More people solved G, difficulties are calculated dynamically from the number and ratings of the people who solved it in-contest.
I think it's because G is a bit easier if you have a DSU implementation and have solved similar problems before (Kruskal's algorithm), while you have to be very careful when implementing F to ensure the modified binary search is correct, especially as it's harder to locally test interactive problems, generally speaking.
Of course, there is some variation/subjectivity in which problems individuals may consider easier or harder.
Spheniscine Can you explain why we start with the highest bit first rather than the lowest and then choose the next higher bit to check for it's feasibility in the final answer?

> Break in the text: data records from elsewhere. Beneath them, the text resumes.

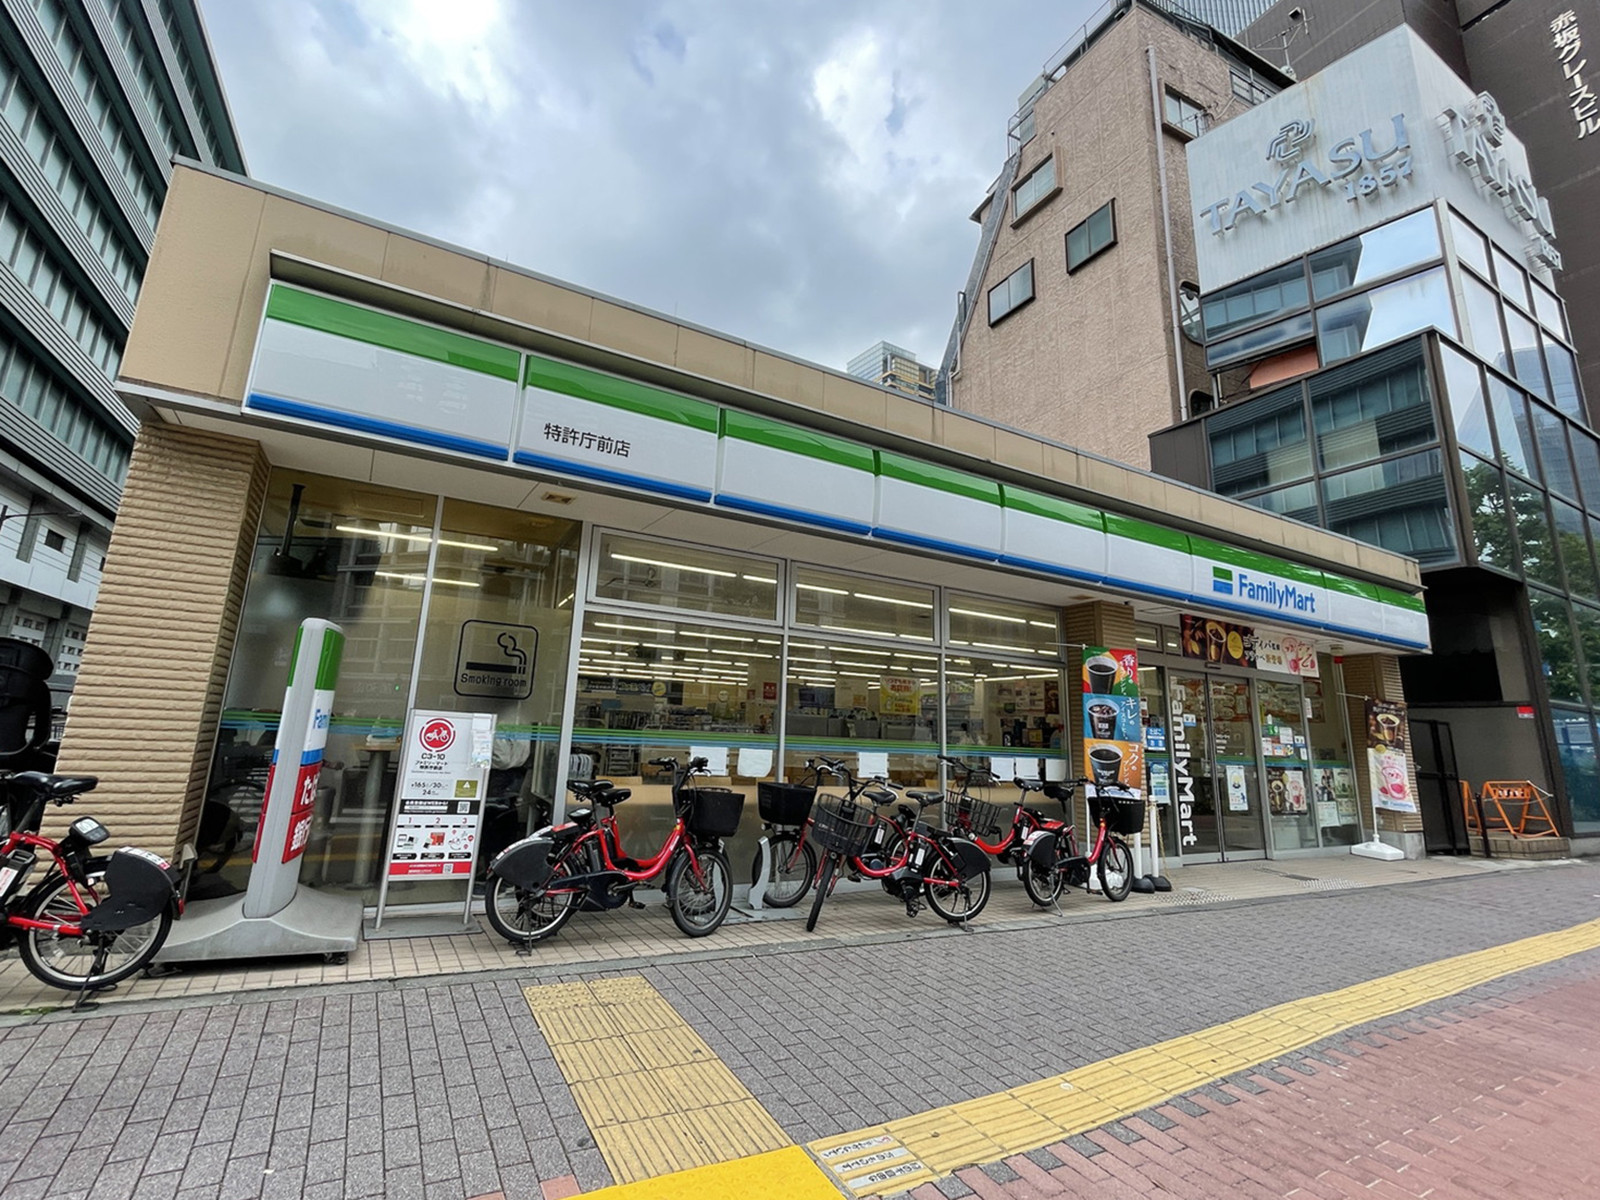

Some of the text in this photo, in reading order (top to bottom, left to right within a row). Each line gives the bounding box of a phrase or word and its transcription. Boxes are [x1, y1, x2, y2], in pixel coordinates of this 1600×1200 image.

[1549, 9, 1600, 140] 赤坂グレースビル
[1200, 113, 1410, 236] TAYASU
[1346, 156, 1413, 203] 1857
[543, 422, 631, 458] 特許庁前店
[1238, 573, 1316, 613] FamilyMart
[460, 672, 526, 688] Smoking room
[1172, 684, 1198, 847] FamilyMart
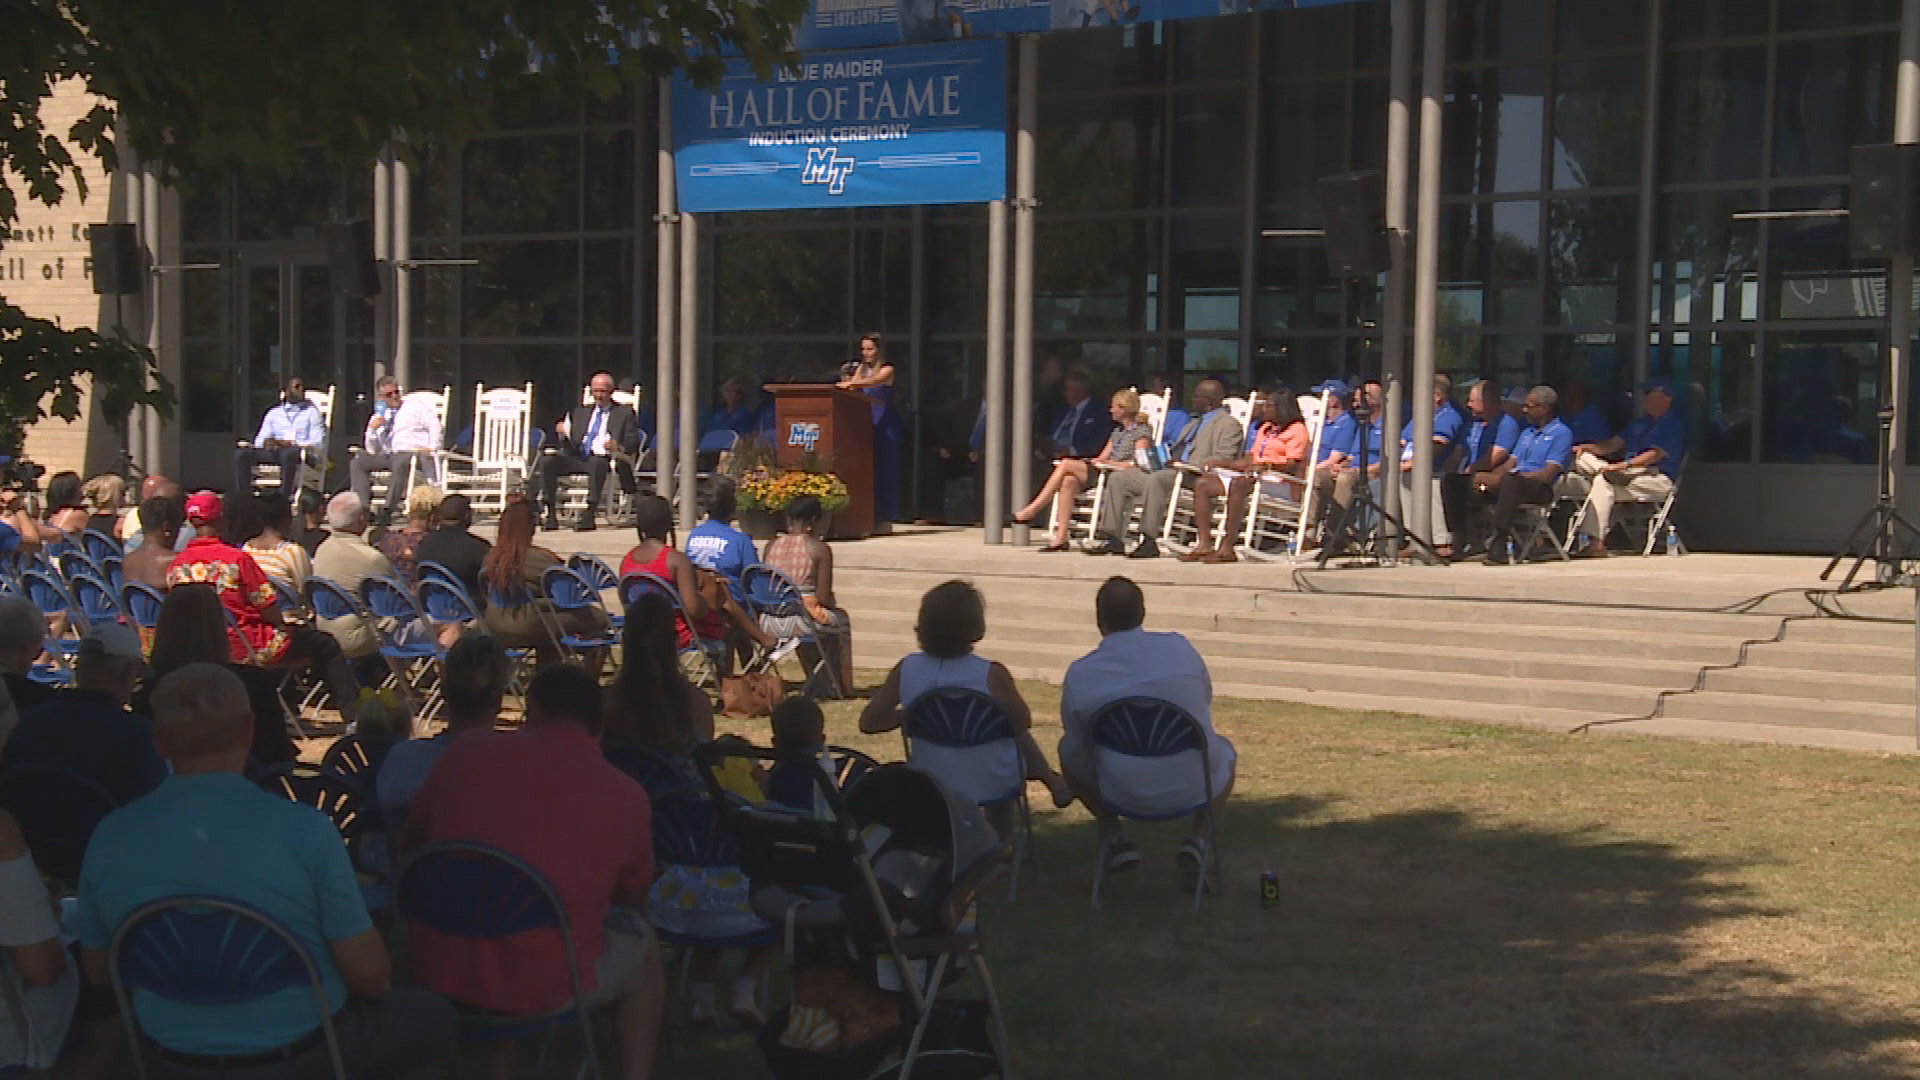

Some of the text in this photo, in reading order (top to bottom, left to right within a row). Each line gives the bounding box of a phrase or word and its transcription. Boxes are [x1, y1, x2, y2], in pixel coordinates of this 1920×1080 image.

[823, 59, 883, 80] RAIDER
[709, 74, 960, 129] HALL OF FAME
[748, 123, 910, 147] INDUCTION CEREMONY
[801, 146, 855, 196] MT
[42, 256, 64, 280] of

Comparing two numbers is like comparing their bitreps in lexicographic order, higher bits take priority
Thanks for the reply, I understood the thing you said about the higher bit taking the priority. Since if one number has a bit ON and the some other has that very bit OFF than we don't really care about the bits on the right side. But I am not able to understand that why in this very particular problem we can't go from bit 0 to bit 30. Is it not consistent with the submasking procedure. Or is there something else? Am I missing some fundamental theory knowledge for submasking?
Because there is a step where you keep only the edges with $$$k$$$-th bit $$$0$$$ if it won't disconnect the graph. Trying to do that the other way won't work, as then you'd give the lower bits priority over higher ones.

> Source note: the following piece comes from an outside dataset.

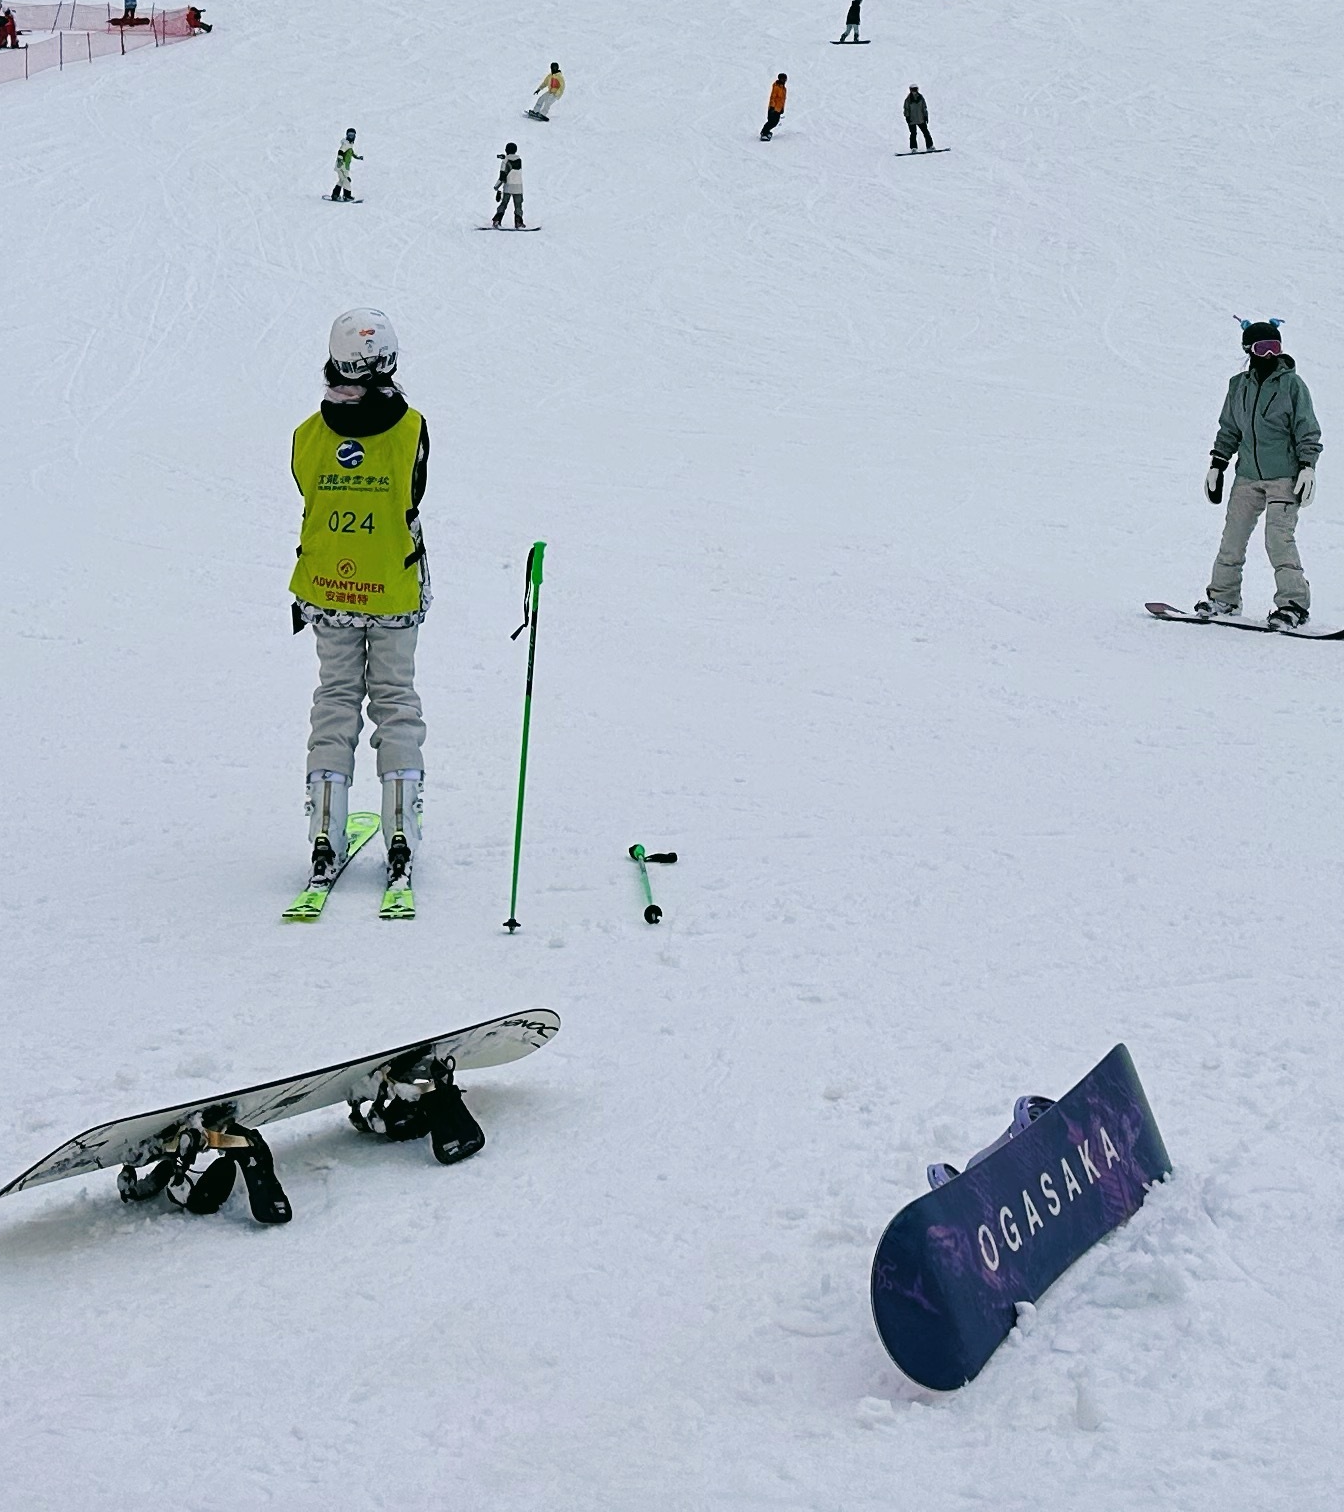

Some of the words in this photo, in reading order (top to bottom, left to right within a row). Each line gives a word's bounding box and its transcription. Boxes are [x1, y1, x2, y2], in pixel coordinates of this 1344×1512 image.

I'll try to explain why we cannot go from 0 to 30.
Let's say you are going from 0 to 30. Since you need to minimise the ans you try to make the current bit 0. So, let's say you reach a point ??000 where the last 3 bits have been assigned greedily to minimise ans. But, now there can be a possibility that the answer will be 11000. Whereas there is also a possibility that if you choose ??011 when going from 0 to 30, you end up with 00011. So, greedy won't work if we go from 0 to 30.

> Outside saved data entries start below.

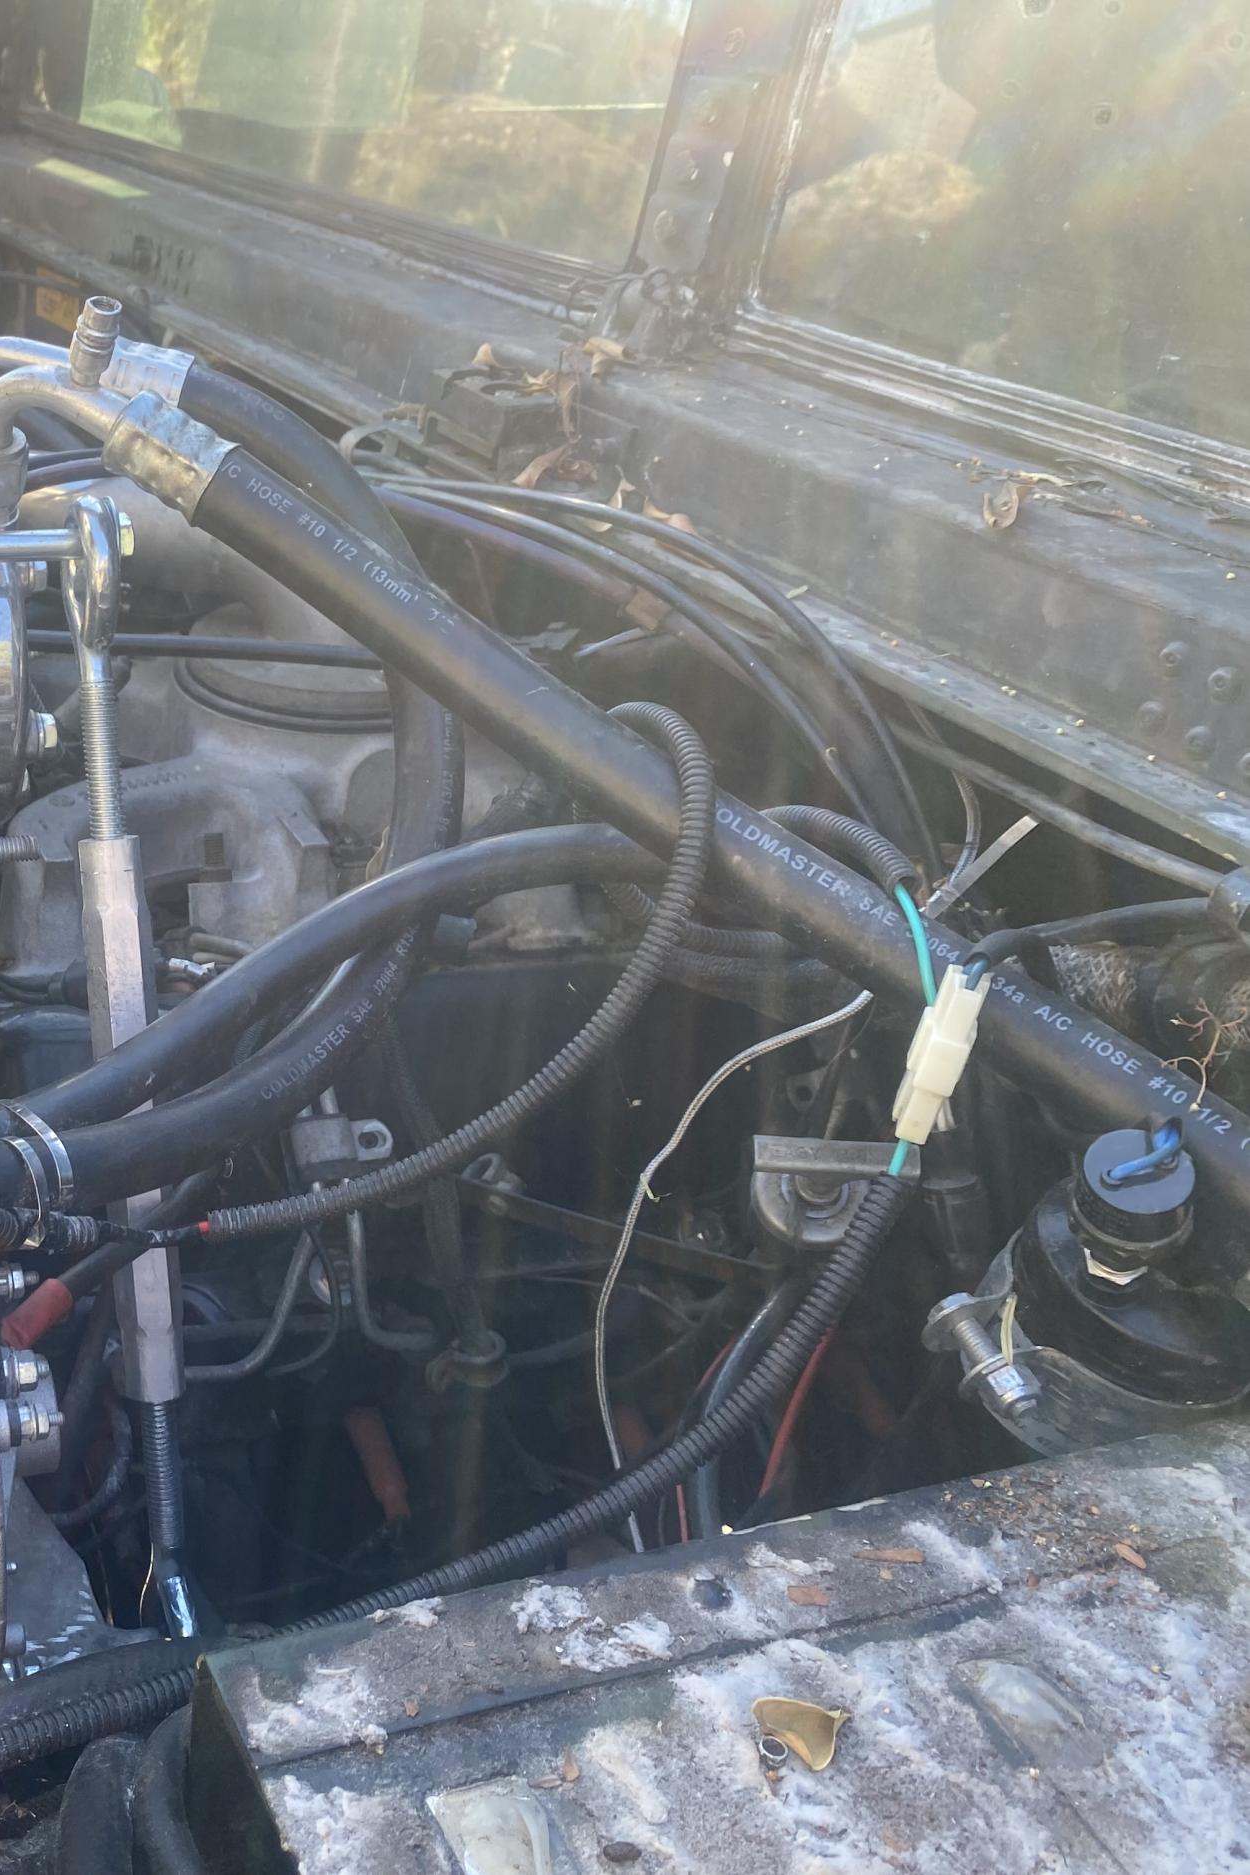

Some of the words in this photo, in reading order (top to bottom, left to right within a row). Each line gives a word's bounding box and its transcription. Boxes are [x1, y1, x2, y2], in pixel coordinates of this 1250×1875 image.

[221, 460, 241, 478] /C
[246, 478, 293, 514] HOSE
[297, 512, 326, 538] #10
[332, 538, 358, 561] 1/2
[260, 1023, 351, 1100] COLDMASTER
[351, 999, 374, 1024] SAE
[373, 960, 399, 997] J2064
[715, 807, 852, 897] OLDMASTER
[859, 896, 897, 927] SAE
[906, 922, 960, 962] 064
[991, 976, 1025, 1004] 34a
[1033, 1004, 1073, 1032] A/C
[1080, 1031, 1143, 1076] HOSE
[1147, 1075, 1188, 1105] #10
[1197, 1107, 1232, 1135] 1/2

But, let's say that we go from 30 to 0. Now, if greedily, we take 000??, then it doesn't matter what next bits we get. By taking any option other than greedy will never give you better answer.
if this is still not clear, let's do some calculations.
We took 000?? which means that the first 3 bits are 0. This we took greedily. In worst case, next two digits will be 1. So, answer is 00011.
Now, for first three bits, what other choices we had? 001??, 010??, 011??, 100??, 101??, 110??, 111??. Even if you replace all ? with 0 now, they will all be greater than 00011. Hence, greedy works.
Note that 2^x > 2^(x-1) + 2^(x-2) + ... 2^1 + 2^0.
The problem G was much easier for those, who tried to solve it. It even required some observation or luck to skip E and F during the contest to go for it! I think that if the problem G was swapped with E, then it would have had even more successful submissions and even lower estimated difficulty.
It is also not the first obvious and easily solvable DSU library problem on Codeforces. We already had a similar D. Social Network problem (rated as 1600) during the recent Deltix round.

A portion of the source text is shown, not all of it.